◆ **Task to carry out**:
Everything in the records below except the pictures must be written out exactly.

= Beginning of Section =

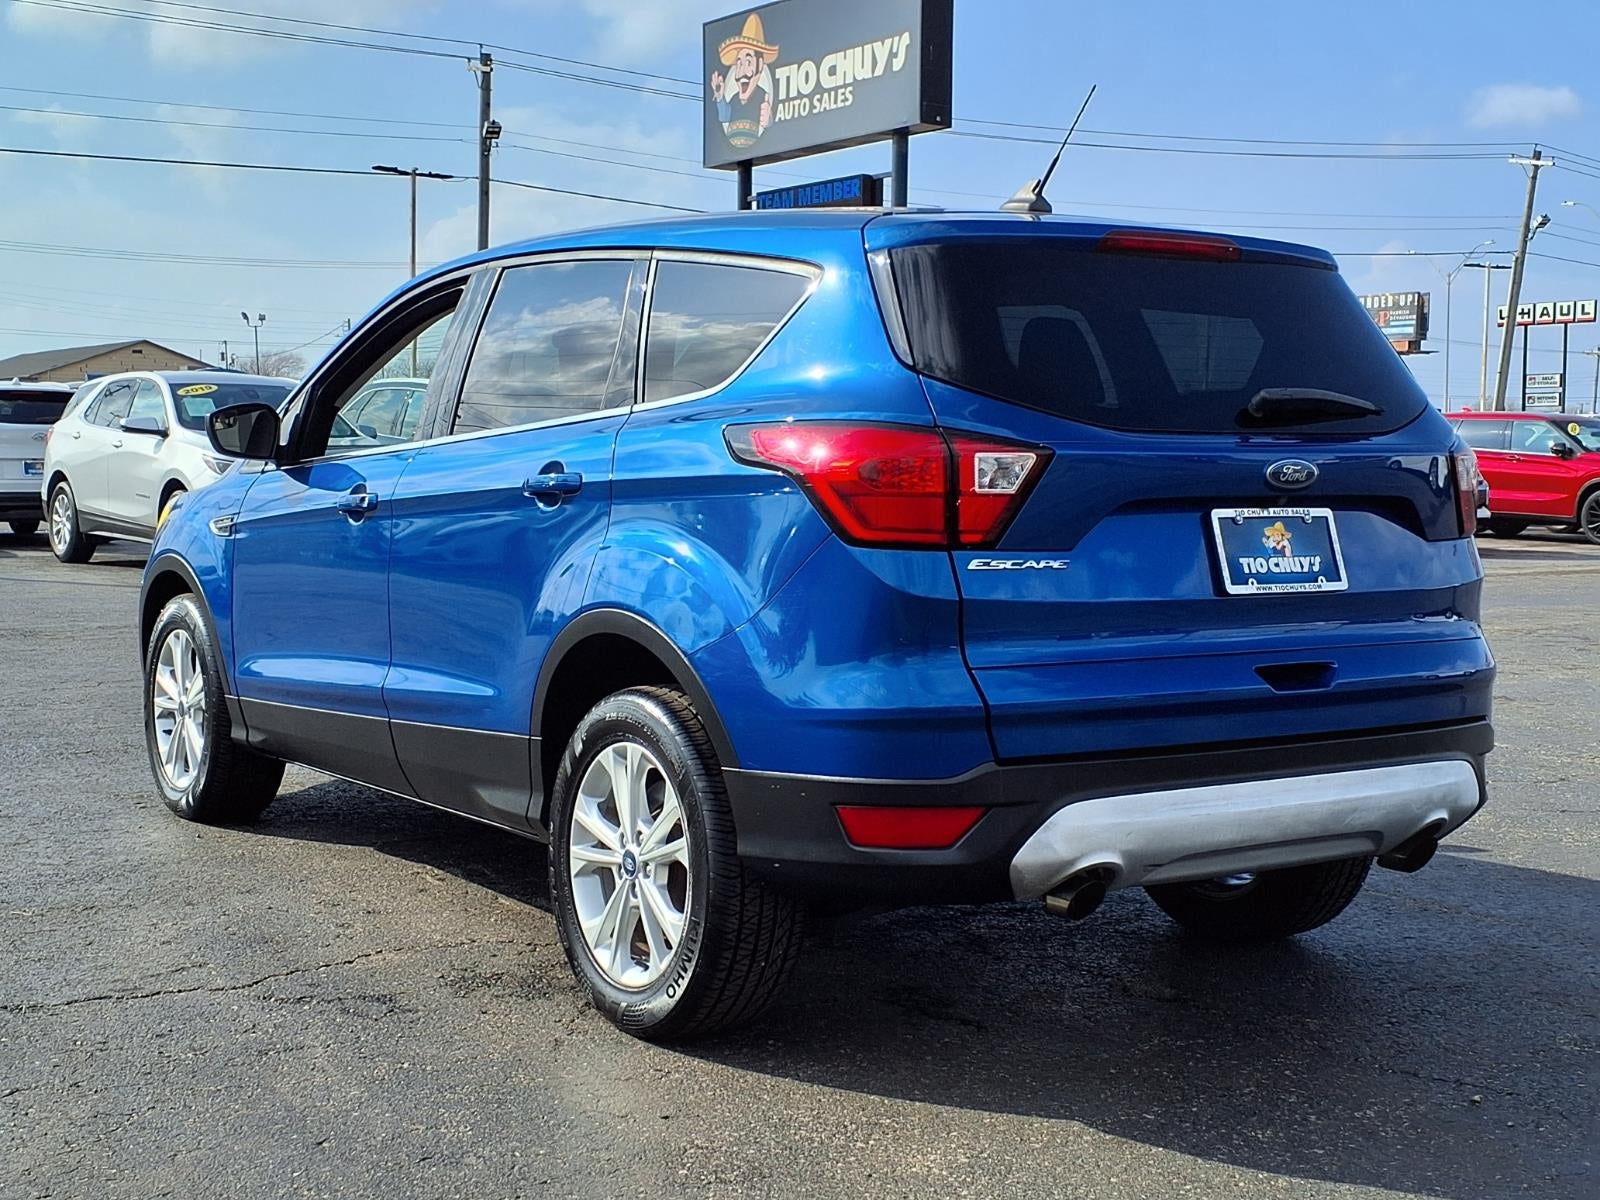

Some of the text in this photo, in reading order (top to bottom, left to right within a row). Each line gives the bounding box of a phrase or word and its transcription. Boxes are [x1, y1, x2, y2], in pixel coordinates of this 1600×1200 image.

[775, 32, 910, 100] TIO CHUY'S
[775, 87, 854, 122] AUTO SALES
[758, 178, 860, 208] TEAM MEMBER
[1280, 465, 1308, 481] Ford
[1239, 555, 1321, 574] TIO CHUY'S
[1255, 584, 1323, 592] WWW.TIOCHUYS.COM
[665, 915, 701, 999] KUMHO
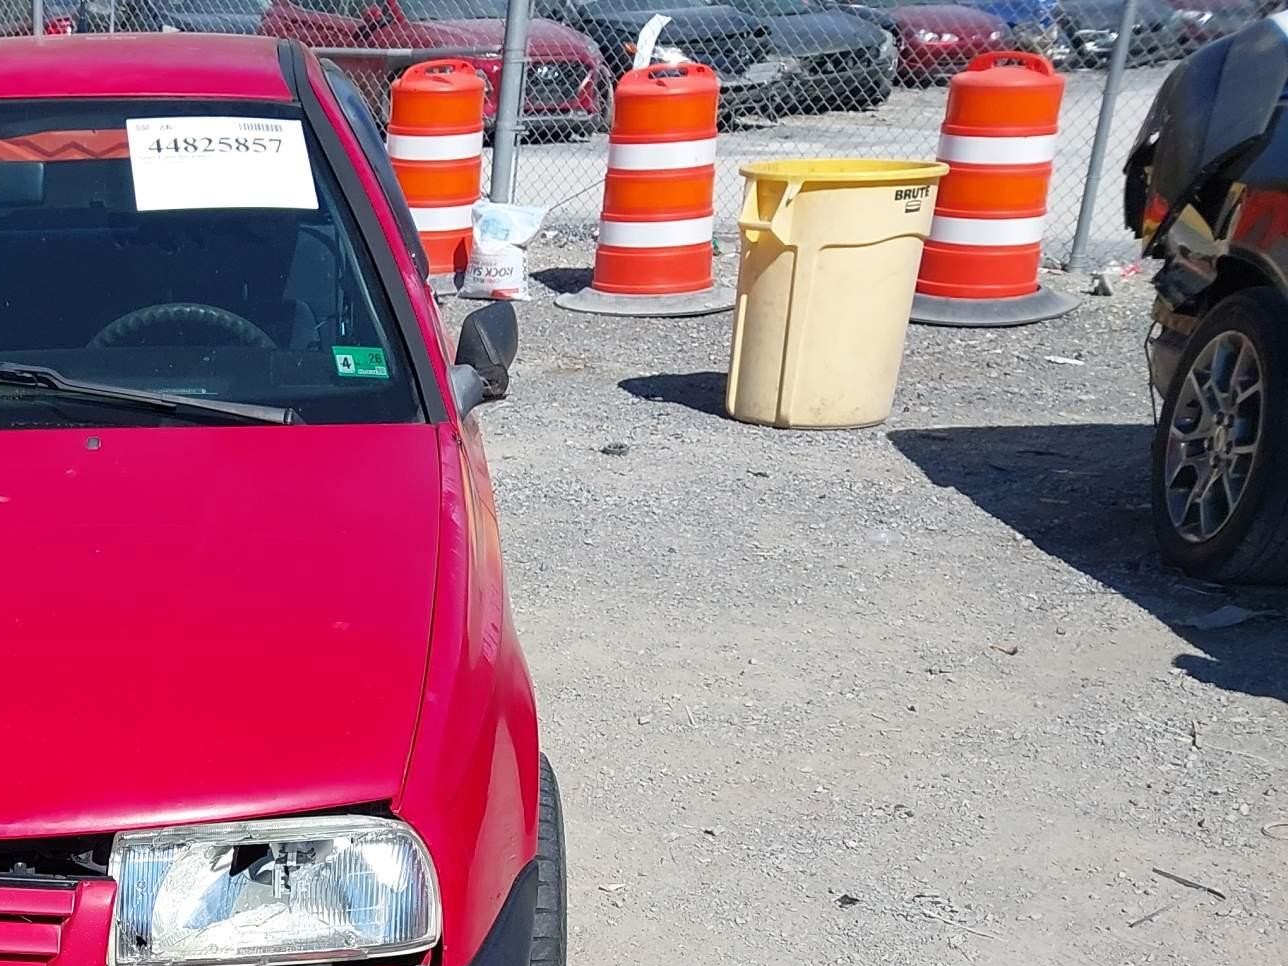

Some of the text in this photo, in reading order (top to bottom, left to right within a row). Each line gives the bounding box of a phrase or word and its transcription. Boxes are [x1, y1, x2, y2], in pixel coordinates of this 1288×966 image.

[148, 137, 283, 154] 44825857
[894, 185, 931, 201] BRUTE
[485, 266, 514, 278] ROCK
[341, 357, 352, 369] 4
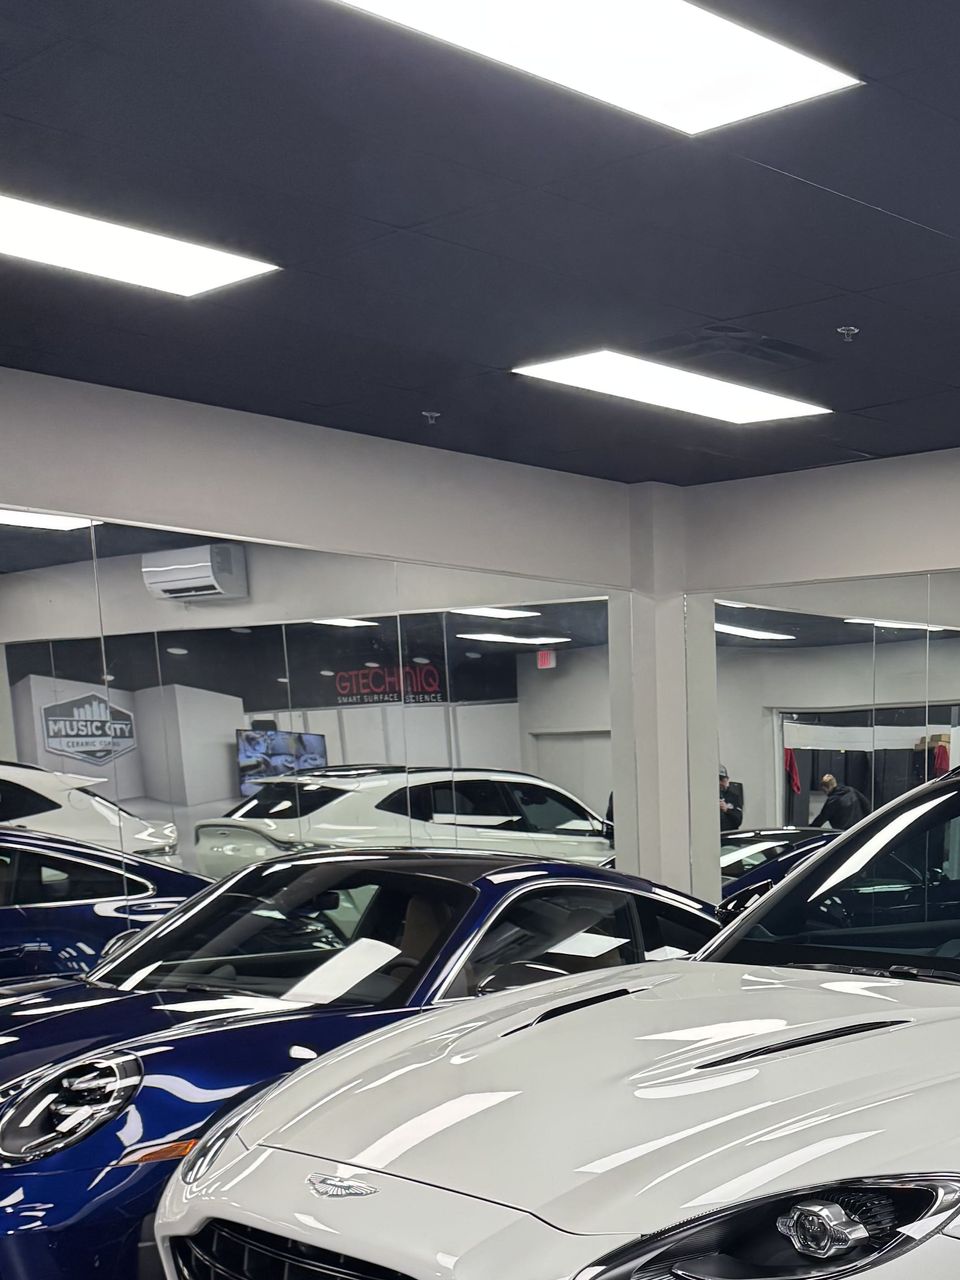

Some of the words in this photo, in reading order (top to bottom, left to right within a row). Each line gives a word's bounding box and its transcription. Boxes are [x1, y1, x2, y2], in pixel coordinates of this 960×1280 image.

[335, 665, 440, 694] GTECHNIQ
[337, 695, 361, 703] SMART
[363, 693, 399, 702] SURFACE
[404, 693, 442, 703] SCIENCE
[48, 720, 102, 736] MUSIC
[105, 721, 131, 736] CITY

= End of Section =

◆ **Answer to this problem**:
Some of the text in this photo, in reading order (top to bottom, left to right within a row). Each line gives the bounding box of a phrase or word and its transcription. Boxes are [x1, y1, x2, y2], in pixel coordinates of this 1600×1200 image.

[775, 32, 910, 100] TIO CHUY'S
[775, 87, 854, 122] AUTO SALES
[758, 178, 860, 208] TEAM MEMBER
[1280, 465, 1308, 481] Ford
[1239, 555, 1321, 574] TIO CHUY'S
[1255, 584, 1323, 592] WWW.TIOCHUYS.COM
[665, 915, 701, 999] KUMHO

Some of the text in this photo, in reading order (top to bottom, left to right within a row). Each line gives the bounding box of a phrase or word and its transcription. Boxes are [x1, y1, x2, y2], in pixel coordinates of this 1288×966 image.

[148, 137, 283, 154] 44825857
[894, 185, 931, 201] BRUTE
[485, 266, 514, 278] ROCK
[341, 357, 352, 369] 4

Some of the words in this photo, in reading order (top to bottom, left to right within a row). Each line gives a word's bounding box and its transcription. Boxes are [x1, y1, x2, y2], in pixel coordinates of this 960×1280 image.

[335, 665, 440, 694] GTECHNIQ
[337, 695, 361, 703] SMART
[363, 693, 399, 702] SURFACE
[404, 693, 442, 703] SCIENCE
[48, 720, 102, 736] MUSIC
[105, 721, 131, 736] CITY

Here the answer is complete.